(RECORDS FOR THIS EXERCISE Opens)

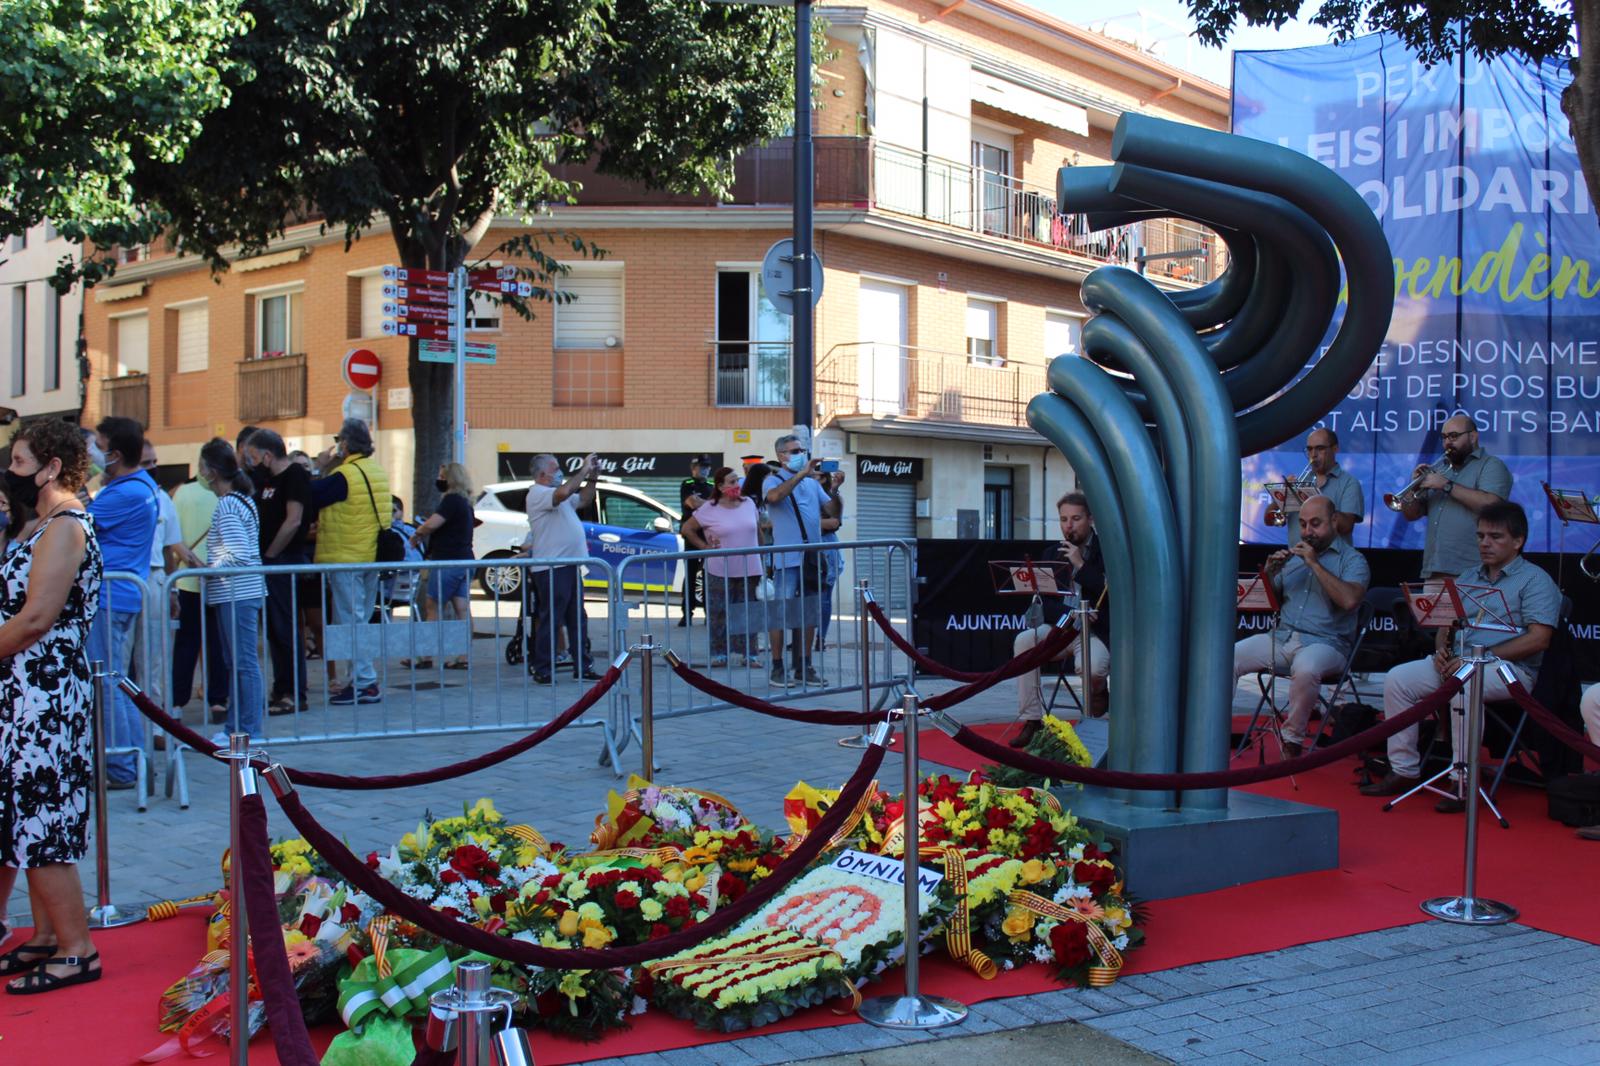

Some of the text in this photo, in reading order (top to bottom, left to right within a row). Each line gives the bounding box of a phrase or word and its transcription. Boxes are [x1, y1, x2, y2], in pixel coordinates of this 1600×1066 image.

[1356, 61, 1437, 108] PER
[1278, 126, 1382, 169] EIS
[1396, 119, 1407, 160] I
[1398, 339, 1598, 365] DESNONAME
[1406, 374, 1441, 398] DE
[1452, 373, 1545, 399] PISOS
[1556, 375, 1600, 399] BU
[1350, 410, 1399, 432] ALS
[565, 456, 657, 474] Ptty Girl
[860, 459, 913, 476] Pretty Girl
[946, 614, 1029, 631] AJUNTAM
[1237, 615, 1281, 630] AJUN
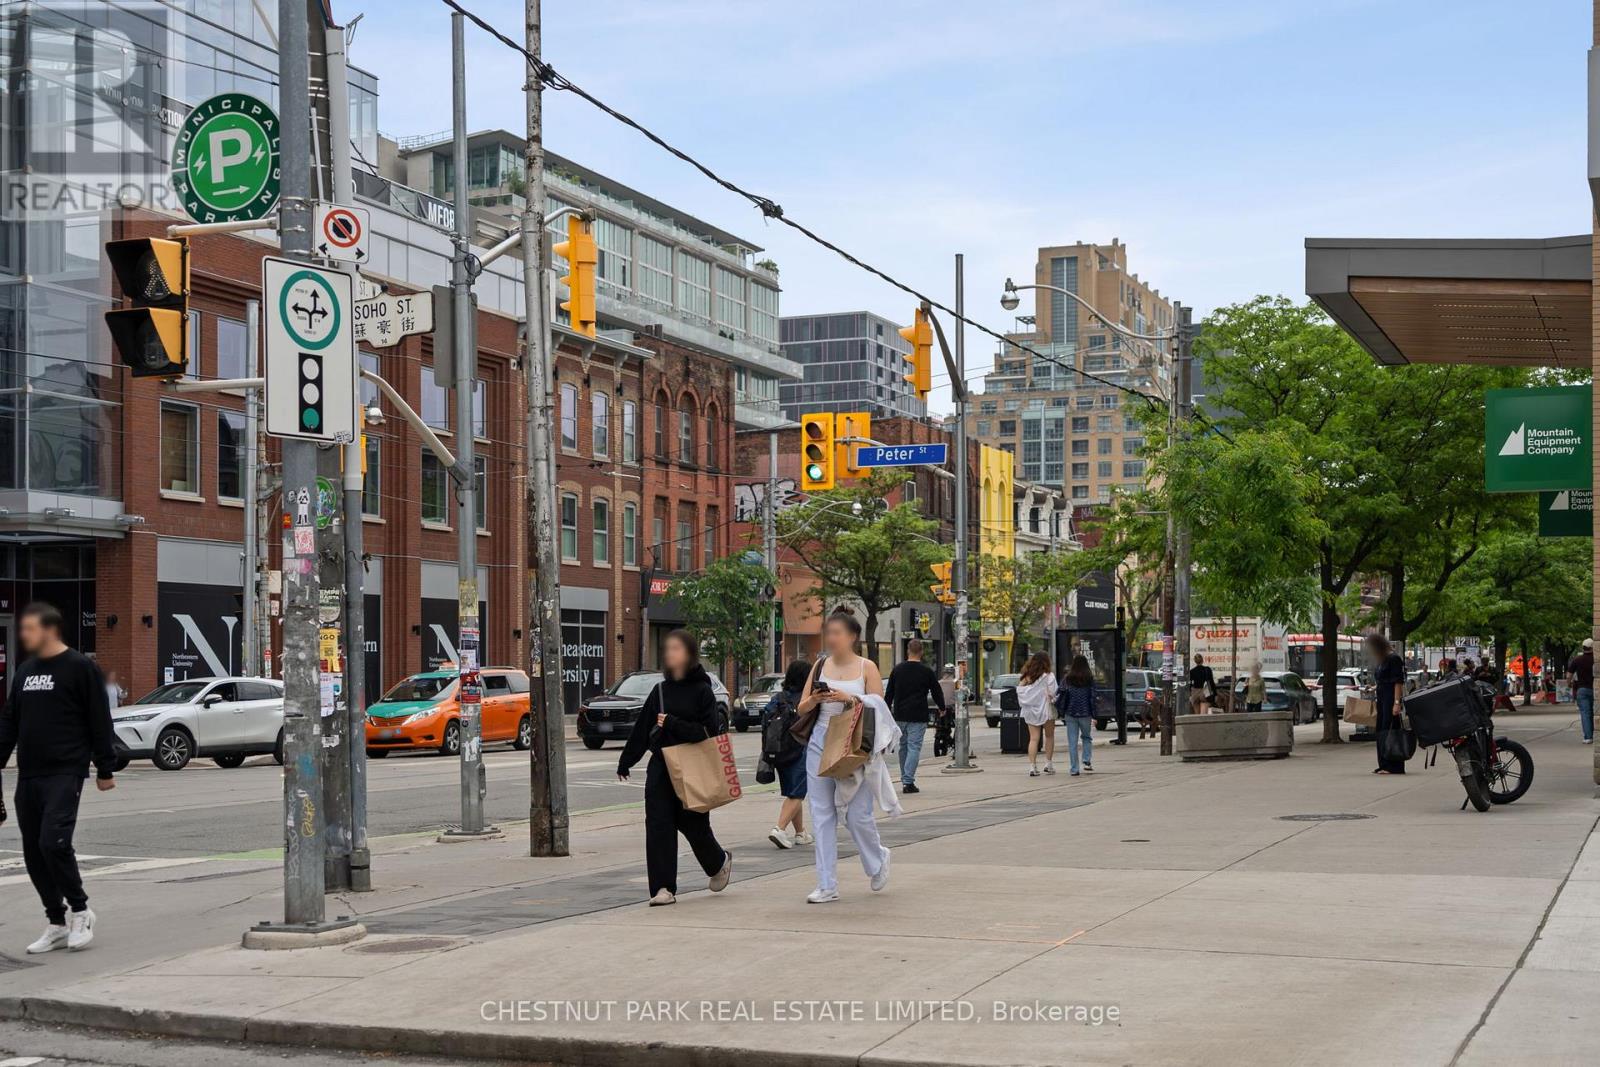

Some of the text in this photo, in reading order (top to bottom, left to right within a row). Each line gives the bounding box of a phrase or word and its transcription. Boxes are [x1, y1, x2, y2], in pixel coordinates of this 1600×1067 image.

[175, 99, 281, 165] MUNICIPAL
[209, 128, 252, 184] P
[177, 167, 281, 223] PARKING
[354, 299, 414, 320] SOHO ST.
[1527, 428, 1574, 438] Mountain
[1527, 436, 1581, 447] Equipment
[876, 446, 927, 461] Peter St
[1527, 446, 1575, 456] Company
[25, 674, 55, 686] KARL
[714, 733, 740, 800] GARAGE
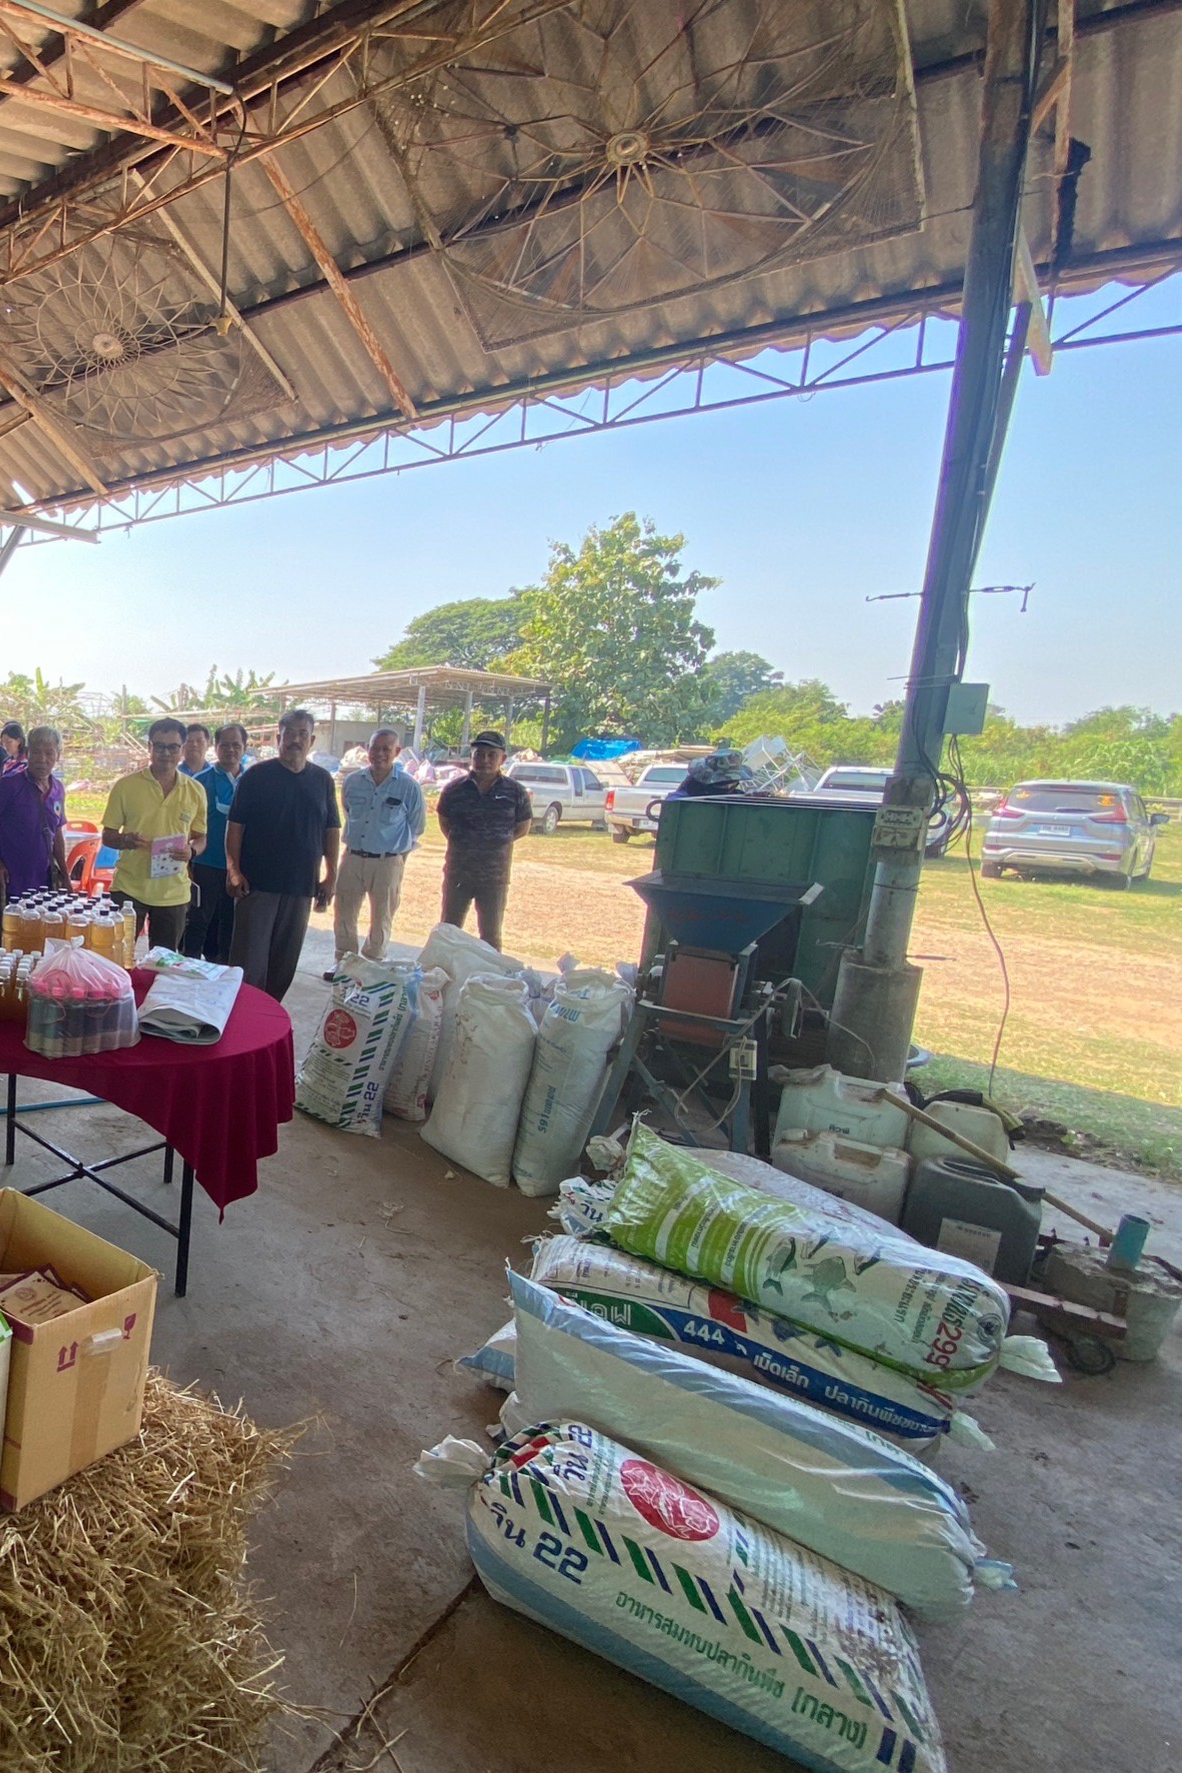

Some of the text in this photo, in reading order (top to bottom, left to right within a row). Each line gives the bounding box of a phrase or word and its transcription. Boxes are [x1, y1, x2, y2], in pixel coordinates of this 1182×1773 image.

[683, 1320, 725, 1345] 444
[753, 1352, 810, 1389] เม็ดเล็ก
[490, 1502, 588, 1585] วิน 22
[615, 1590, 786, 1699] อาหารสมทบปลากินพืช
[790, 1686, 868, 1749] (กลาง)

(RECORDS FOR THIS EXERCISE Closes)

» **EXERCISE INSTRUCTIONS**: A faithful copy of all the records is required, with the pictures left out.

» **RESULT FOR THIS TASK**:
Some of the text in this photo, in reading order (top to bottom, left to right within a row). Each line gives the bounding box of a phrase or word and its transcription. Boxes are [x1, y1, x2, y2], in pixel coordinates of this 1600×1066 image.

[1356, 61, 1437, 108] PER
[1278, 126, 1382, 169] EIS
[1396, 119, 1407, 160] I
[1398, 339, 1598, 365] DESNONAME
[1406, 374, 1441, 398] DE
[1452, 373, 1545, 399] PISOS
[1556, 375, 1600, 399] BU
[1350, 410, 1399, 432] ALS
[565, 456, 657, 474] Ptty Girl
[860, 459, 913, 476] Pretty Girl
[946, 614, 1029, 631] AJUNTAM
[1237, 615, 1281, 630] AJUN

Some of the text in this photo, in reading order (top to bottom, left to right within a row). Each line gives the bounding box of a phrase or word and its transcription. Boxes are [x1, y1, x2, y2], in pixel coordinates of this 1600×1067 image.

[175, 99, 281, 165] MUNICIPAL
[209, 128, 252, 184] P
[177, 167, 281, 223] PARKING
[354, 299, 414, 320] SOHO ST.
[1527, 428, 1574, 438] Mountain
[1527, 436, 1581, 447] Equipment
[876, 446, 927, 461] Peter St
[1527, 446, 1575, 456] Company
[25, 674, 55, 686] KARL
[714, 733, 740, 800] GARAGE

Some of the text in this photo, in reading order (top to bottom, left to right within a row). Each line gives the bounding box of a phrase or word and its transcription. Boxes are [x1, y1, x2, y2], in pixel coordinates of this 1182×1773 image.

[683, 1320, 725, 1345] 444
[753, 1352, 810, 1389] เม็ดเล็ก
[490, 1502, 588, 1585] วิน 22
[615, 1590, 786, 1699] อาหารสมทบปลากินพืช
[790, 1686, 868, 1749] (กลาง)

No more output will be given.